1. Insentif Instrinsik vs Ekstrinsik

Teori Atkinson hanya mempertimbangkan nilai instrinsik dari penghargaan dan secara

penuh mengabaikan nilai ekstrinsik seperti uang. Hal ini yang dapat menjadi pertimbangan

atas kelemahan dari teori ini, sejak itu pulan mulai ditekankan mengenai arti penting dari

extrinsic rewards. Kedua nilai antara instrinsik dan ekstrinsik adalah penting dalam

menentukan kekuatan motivasional individu.

2. Insentif Ekstrinsik

Kebanyakan dari teori psikologi mengakui bahwa manusi memiliki kebutuhan yang pasti.

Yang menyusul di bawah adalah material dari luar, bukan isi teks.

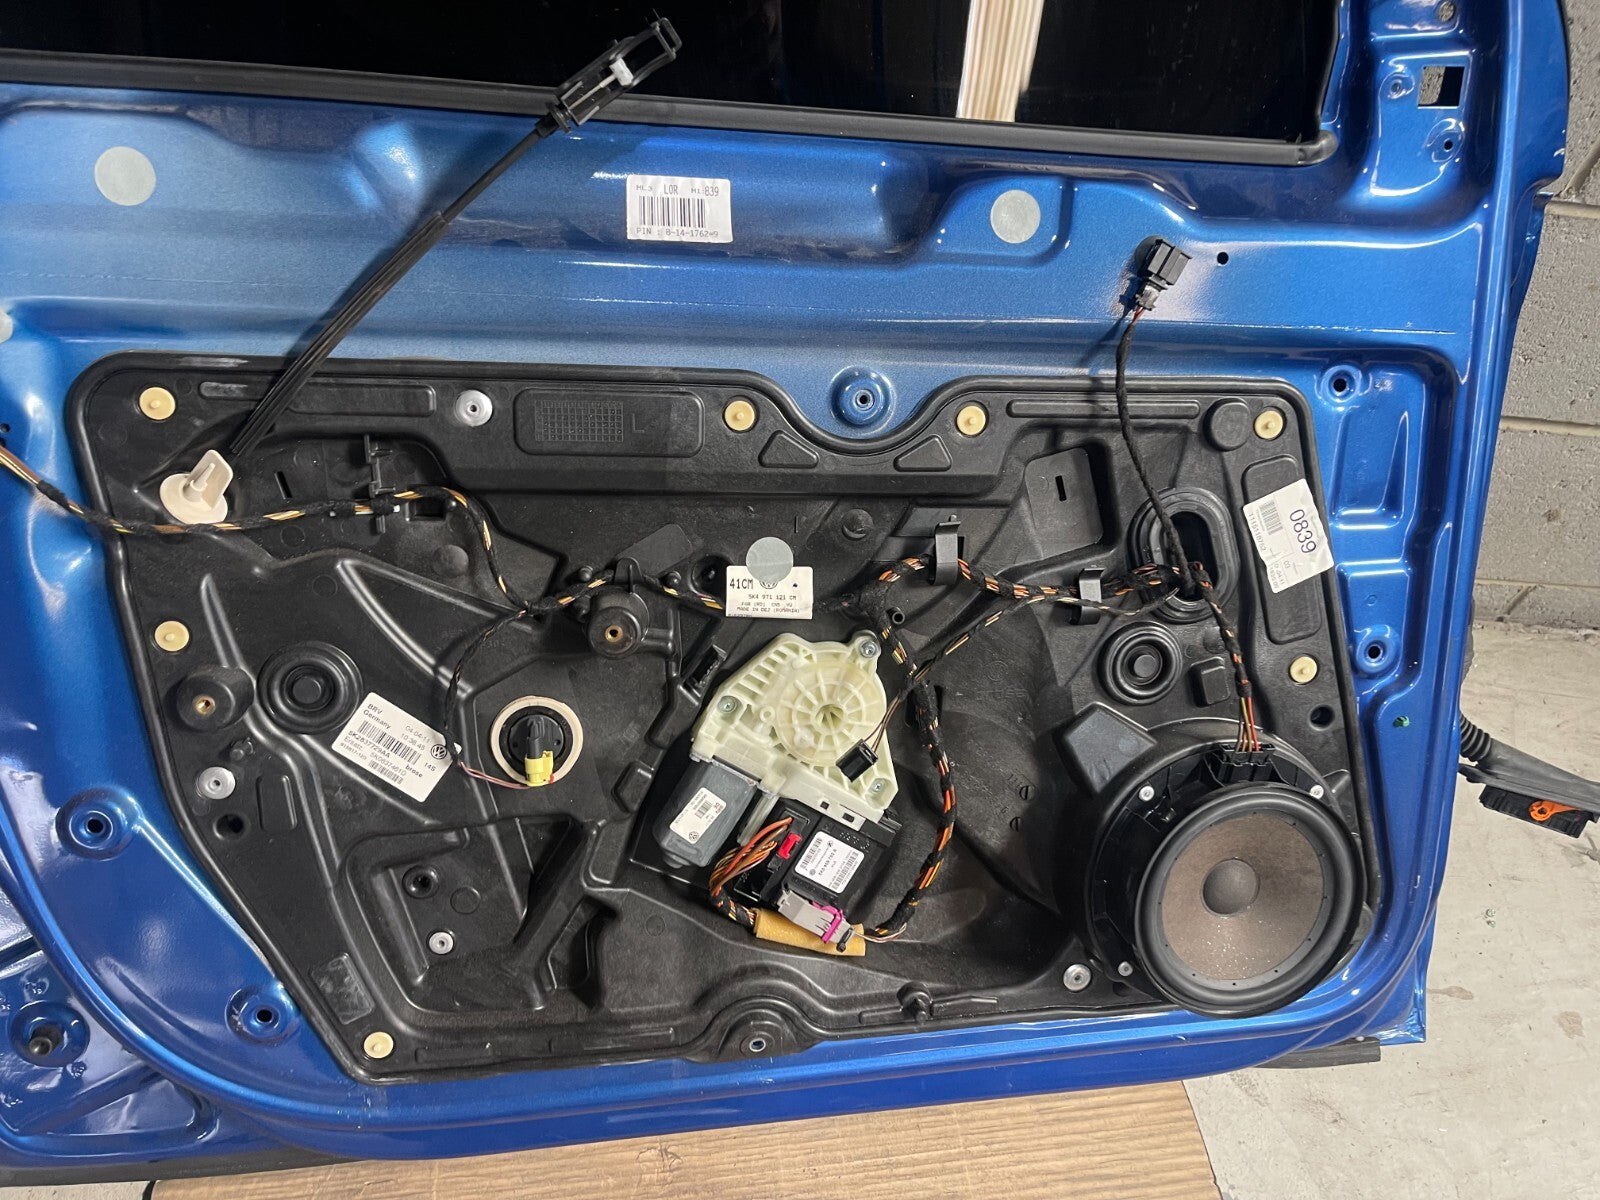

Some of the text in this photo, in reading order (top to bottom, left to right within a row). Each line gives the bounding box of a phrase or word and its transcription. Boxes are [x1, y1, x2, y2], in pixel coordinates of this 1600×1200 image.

Sebagai misal, extrinsic reward menjadi salah satu nilai bagi individual, hal ini seharusnya

memuaskan beberapa kebutuhan manusia. Menurut Maslow, terdapat suatu hierarki dari

kebutuhan psikologi sampai dengan kebutuhan aktualisasi diri. Dalam teori ini, kebutuhan

dasar merupakan kebutuhan yang paling penting.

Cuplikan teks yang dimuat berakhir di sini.